Roberto Jorge D'Alessandro di Ninno (born 28 July 1949) is an Argentine retired football goalkeeper and manager. He is also one of the hosts of the Spanish TV program El Chiringuito de Jugones, which specializes in football-related debates.

He played most of his career with Salamanca in Spain, appearing in nine La Liga seasons and more than 300 official games with the club. He subsequently embarked in a managerial career in the same country, coaching several teams.

Playing career
Born in Buenos Aires, D'Alessandro played six years in his country with San Lorenzo de Almagro, being part of the squads that won four Argentine Primera División championships.
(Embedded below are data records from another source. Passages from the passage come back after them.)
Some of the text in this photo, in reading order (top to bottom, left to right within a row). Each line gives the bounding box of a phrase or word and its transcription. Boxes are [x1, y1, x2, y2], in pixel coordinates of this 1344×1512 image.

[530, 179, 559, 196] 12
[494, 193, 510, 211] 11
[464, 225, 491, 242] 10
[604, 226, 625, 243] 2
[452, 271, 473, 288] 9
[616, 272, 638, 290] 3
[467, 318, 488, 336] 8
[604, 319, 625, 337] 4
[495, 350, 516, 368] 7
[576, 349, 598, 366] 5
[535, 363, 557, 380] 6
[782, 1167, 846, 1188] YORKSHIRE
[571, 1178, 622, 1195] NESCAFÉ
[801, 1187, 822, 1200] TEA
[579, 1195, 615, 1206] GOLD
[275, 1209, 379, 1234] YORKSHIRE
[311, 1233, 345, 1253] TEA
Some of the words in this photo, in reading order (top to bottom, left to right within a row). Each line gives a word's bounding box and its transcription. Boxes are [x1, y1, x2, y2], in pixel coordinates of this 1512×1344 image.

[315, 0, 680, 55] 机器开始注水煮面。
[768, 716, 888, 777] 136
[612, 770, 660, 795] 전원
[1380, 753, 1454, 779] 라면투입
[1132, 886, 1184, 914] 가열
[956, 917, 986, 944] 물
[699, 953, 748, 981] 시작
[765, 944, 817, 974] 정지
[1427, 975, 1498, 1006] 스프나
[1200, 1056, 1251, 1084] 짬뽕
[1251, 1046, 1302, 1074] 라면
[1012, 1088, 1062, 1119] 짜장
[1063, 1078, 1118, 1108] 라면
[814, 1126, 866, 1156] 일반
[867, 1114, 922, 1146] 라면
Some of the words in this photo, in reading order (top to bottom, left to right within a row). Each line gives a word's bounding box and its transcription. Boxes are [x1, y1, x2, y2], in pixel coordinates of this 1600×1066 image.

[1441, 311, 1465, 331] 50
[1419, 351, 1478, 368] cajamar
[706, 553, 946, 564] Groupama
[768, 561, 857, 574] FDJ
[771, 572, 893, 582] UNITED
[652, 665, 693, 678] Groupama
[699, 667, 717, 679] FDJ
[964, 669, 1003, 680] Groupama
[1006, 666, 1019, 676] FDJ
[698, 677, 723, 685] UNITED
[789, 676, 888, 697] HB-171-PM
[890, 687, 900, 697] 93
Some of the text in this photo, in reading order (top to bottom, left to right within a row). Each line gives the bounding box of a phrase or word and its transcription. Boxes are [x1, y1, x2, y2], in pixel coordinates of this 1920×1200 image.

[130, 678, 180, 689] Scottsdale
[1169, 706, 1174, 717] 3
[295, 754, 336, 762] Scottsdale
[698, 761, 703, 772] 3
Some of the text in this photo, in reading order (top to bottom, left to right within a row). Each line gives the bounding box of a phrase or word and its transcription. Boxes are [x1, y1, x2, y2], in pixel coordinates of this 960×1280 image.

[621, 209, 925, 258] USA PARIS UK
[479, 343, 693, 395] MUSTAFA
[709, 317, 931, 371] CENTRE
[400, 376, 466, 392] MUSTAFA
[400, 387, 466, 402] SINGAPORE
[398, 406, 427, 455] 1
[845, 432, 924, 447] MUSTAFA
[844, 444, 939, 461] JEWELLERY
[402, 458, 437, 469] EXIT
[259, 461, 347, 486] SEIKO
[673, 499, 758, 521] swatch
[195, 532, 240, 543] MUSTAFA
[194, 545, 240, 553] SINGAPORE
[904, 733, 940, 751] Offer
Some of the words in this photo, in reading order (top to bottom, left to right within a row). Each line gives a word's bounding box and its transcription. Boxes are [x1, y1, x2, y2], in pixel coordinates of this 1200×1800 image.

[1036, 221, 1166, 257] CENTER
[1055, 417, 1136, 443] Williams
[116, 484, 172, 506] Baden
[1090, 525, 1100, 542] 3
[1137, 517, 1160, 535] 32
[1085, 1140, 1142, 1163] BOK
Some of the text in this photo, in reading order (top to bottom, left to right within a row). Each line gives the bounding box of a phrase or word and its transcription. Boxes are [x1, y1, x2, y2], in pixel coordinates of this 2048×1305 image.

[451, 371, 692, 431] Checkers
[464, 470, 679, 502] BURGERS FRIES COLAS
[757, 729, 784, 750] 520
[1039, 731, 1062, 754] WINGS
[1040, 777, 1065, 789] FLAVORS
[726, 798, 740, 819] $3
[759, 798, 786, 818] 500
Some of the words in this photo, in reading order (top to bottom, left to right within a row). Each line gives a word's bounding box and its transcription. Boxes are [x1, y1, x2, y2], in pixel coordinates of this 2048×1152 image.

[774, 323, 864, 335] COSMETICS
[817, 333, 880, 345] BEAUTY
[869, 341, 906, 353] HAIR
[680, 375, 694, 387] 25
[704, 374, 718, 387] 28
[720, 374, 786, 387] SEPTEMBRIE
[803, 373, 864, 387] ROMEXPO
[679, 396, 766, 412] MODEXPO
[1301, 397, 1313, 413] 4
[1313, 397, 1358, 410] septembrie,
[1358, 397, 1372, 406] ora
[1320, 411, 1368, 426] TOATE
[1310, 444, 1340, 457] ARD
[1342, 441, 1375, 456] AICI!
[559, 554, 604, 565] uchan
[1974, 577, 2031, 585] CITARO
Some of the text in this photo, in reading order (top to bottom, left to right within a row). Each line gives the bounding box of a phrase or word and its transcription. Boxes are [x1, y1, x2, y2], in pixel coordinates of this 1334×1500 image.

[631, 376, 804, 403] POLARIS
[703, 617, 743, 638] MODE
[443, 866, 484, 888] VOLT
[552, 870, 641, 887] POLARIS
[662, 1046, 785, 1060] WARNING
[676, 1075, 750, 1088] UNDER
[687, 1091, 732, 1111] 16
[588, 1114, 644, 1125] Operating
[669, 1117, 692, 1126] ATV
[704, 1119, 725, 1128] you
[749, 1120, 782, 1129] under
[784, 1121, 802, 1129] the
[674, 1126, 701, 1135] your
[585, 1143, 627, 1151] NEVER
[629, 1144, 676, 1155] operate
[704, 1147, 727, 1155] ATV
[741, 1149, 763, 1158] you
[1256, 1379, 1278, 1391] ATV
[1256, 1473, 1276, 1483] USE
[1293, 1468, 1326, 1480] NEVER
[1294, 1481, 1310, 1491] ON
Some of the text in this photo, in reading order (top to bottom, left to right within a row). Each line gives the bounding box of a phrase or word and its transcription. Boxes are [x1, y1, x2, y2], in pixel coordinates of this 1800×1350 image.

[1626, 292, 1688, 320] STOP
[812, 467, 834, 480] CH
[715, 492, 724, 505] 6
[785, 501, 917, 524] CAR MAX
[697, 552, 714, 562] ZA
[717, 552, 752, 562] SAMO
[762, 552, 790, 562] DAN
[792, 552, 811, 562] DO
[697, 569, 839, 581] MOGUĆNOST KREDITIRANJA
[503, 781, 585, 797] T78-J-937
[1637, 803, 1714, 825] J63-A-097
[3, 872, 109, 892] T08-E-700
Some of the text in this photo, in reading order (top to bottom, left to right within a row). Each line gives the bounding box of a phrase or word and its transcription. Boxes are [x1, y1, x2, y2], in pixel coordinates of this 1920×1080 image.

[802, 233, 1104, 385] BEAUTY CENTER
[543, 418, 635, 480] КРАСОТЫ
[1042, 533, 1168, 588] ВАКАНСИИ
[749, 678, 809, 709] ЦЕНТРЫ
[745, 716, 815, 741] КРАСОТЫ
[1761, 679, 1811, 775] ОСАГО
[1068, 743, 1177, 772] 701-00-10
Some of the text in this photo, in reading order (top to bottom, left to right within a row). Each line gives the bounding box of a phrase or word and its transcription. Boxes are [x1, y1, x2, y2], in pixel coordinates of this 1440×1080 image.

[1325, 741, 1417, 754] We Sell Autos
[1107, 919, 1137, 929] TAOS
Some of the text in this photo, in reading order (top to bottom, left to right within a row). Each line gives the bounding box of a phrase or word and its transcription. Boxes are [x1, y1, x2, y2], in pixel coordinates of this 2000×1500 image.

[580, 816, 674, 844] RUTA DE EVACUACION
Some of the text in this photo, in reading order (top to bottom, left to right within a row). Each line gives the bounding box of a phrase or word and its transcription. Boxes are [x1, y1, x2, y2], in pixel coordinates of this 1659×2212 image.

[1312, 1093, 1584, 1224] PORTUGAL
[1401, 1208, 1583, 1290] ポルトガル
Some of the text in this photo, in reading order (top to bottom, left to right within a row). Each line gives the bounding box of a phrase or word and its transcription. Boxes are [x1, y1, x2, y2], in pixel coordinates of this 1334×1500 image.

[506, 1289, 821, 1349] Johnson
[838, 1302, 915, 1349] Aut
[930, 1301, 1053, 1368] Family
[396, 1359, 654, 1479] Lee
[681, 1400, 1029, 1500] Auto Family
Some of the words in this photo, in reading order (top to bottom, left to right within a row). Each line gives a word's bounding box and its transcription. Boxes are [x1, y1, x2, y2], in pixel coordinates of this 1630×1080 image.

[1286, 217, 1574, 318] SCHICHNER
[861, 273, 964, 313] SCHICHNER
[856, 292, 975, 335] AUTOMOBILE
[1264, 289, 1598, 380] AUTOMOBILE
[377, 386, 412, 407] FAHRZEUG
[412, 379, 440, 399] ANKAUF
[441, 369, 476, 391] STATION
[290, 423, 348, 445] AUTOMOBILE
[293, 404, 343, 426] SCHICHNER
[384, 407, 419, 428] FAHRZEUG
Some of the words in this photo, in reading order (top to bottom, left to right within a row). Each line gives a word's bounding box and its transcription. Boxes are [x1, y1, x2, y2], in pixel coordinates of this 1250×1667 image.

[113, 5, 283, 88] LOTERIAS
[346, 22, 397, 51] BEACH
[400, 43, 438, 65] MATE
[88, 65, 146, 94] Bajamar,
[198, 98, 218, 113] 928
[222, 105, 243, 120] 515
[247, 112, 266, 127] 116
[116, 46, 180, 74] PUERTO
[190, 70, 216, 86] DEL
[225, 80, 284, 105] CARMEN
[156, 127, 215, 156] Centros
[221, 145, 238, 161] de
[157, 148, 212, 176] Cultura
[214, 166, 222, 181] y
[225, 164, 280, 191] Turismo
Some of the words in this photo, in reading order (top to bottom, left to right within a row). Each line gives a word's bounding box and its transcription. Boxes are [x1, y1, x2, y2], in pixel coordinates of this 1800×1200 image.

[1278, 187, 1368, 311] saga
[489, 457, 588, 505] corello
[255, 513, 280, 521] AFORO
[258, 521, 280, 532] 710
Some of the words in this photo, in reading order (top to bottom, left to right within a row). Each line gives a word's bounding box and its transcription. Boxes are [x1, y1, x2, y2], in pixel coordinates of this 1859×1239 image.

In June 1974 the team played UD Salamanca in a friendly, and the Spaniards were so impressed by the player they decided to purchase him, having to (successfully) deal with the Argentine Football Association first – players under 26 were prohibited from playing abroad – he was 25.

D'Alessandro stayed in goal for the Castile and León side over ten seasons, nine of those in La Liga. In a match against Athletic Bilbao during the 1976–77 season, his collision with Athletic Bilbao's Dani resulted in a tear in his kidney, even though the player finished the game. After having the organ removed, he resumed his football activity against all medical advice, still putting on several solid campaigns.

D'Alessandro retired in June 1984 at the age of 35 following Salamanca's relegation, having made 242 appearances in the Spanish top flight (284 across all competitions), a club record.

Coaching career
D'Alessandro started coaching at his last club, being in charge of both the youth and reserve teams. His first three professional seasons were spent in Segunda División, with UE Figueres (two years) and Real Betis.

In late March 1994, d'Alessandro became Atlético Madrid's sixth coach in the season, being appointed as the team, led by elusive chairman Jesús Gil, was placed in the relegation zone. The Colchoneros eventually finished in 12th position, and his contract was not renewed; he returned to Madrid for a second spell in November, taking the place of Francisco Maturana and being himself dismissed after 13 games.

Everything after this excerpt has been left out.